Avez-vous été auditionnée d’une manière ou d’une autre par les parlementaires en amont du PJL Création ?
Pas du tout. C’est un silence radio sur cette affaire-là, nous avons donc l’impression d’un jeu en sous-marin. Autant, on nous auditionne sur tous les sujets possibles et imaginables, mais sur ce projet de loi Création, tout le monde a bien pris soin de ne rien nous communiquer.
Dans un récent communiqué, vous considérez aussi que le projet de loi Création organise un copyfraud sur les domaines nationaux, pourquoi ?
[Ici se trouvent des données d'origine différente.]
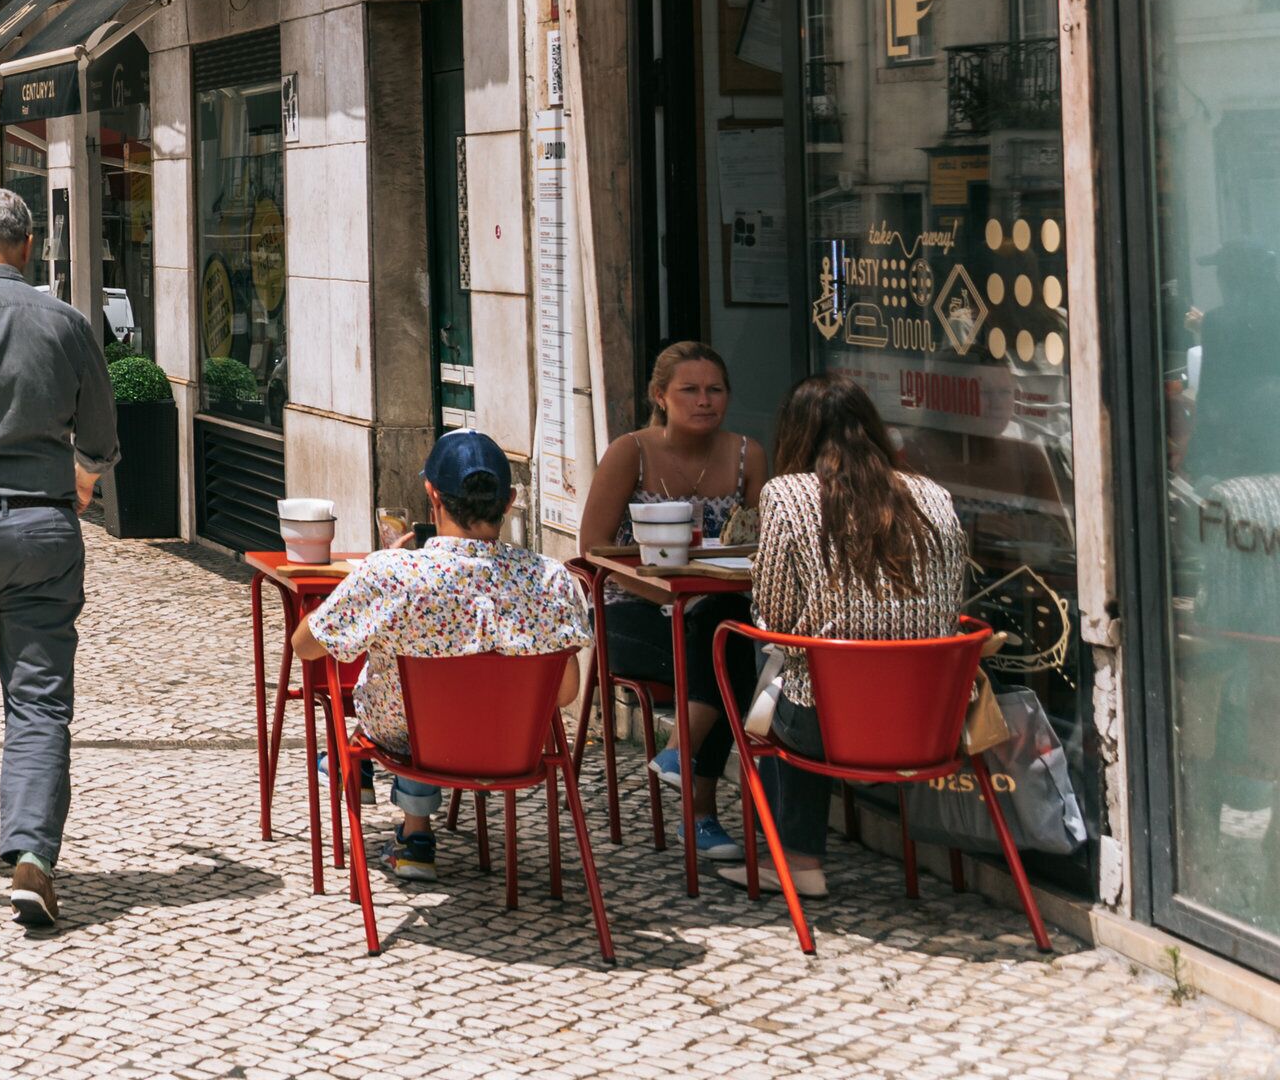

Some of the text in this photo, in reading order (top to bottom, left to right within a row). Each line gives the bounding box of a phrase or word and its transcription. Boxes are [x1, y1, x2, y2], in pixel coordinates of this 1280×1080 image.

On vise ici des domaines ayant un fort lien historique avec la France et jusqu’alors dans le domaine public. Pour une affaire de « fric » entre le domaine de Chambord et une marque de bière, le texte donne au gestionnaire un « droit d’autoriser » et de facturer complètement séparé du droit d’auteur. Si cette loi est entérinée dans quelques jours, ce qui a de fortes chances d’arriver, les contributeurs seront obligés de retirer toutes les photos en question, notamment celles des fiches du Château de Versailles ou de Chambord. C’est tout de même incroyable pour des monuments aussi représentatifs de la culture française !
On a milité des mois pour faire advenir la liberté de panorama qui déjà, nous semblait correspondre aux usages, cette fois, on retombe dans l’Ancien régime !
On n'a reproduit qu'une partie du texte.